◆ Phrase grounding data:
::::::
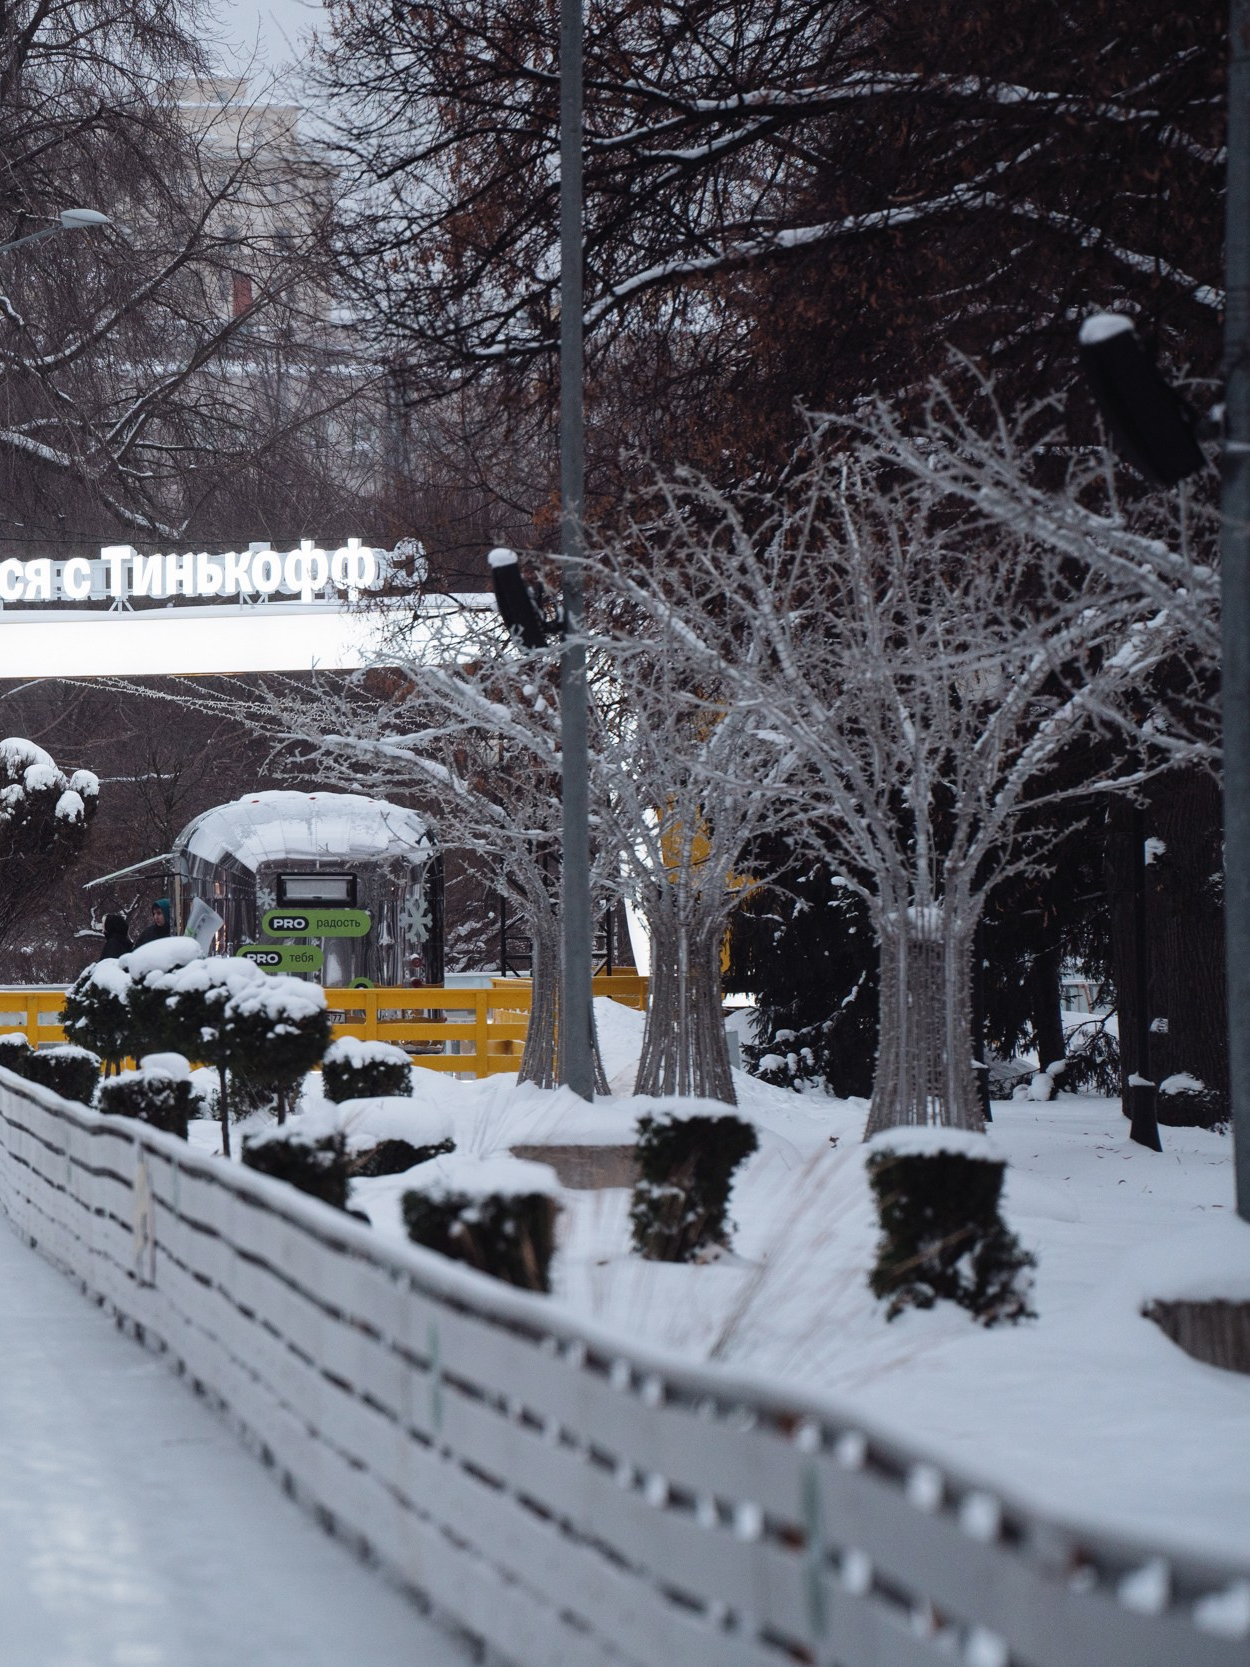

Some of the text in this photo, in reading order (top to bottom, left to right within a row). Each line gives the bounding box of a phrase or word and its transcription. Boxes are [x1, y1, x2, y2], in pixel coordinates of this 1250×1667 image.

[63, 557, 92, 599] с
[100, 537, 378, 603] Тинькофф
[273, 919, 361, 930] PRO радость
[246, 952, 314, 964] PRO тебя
::::::
◆ REQUIRED ACTION: A faithful copy of every record is required, with no pictures included.

◆ YOUR SOLUTION:
Some of the text in this photo, in reading order (top to bottom, left to right within a row). Each line gives the bounding box of a phrase or word and its transcription. Boxes are [x1, y1, x2, y2], in pixel coordinates of this 1250×1667 image.

[63, 557, 92, 599] с
[100, 537, 378, 603] Тинькофф
[273, 919, 361, 930] PRO радость
[246, 952, 314, 964] PRO тебя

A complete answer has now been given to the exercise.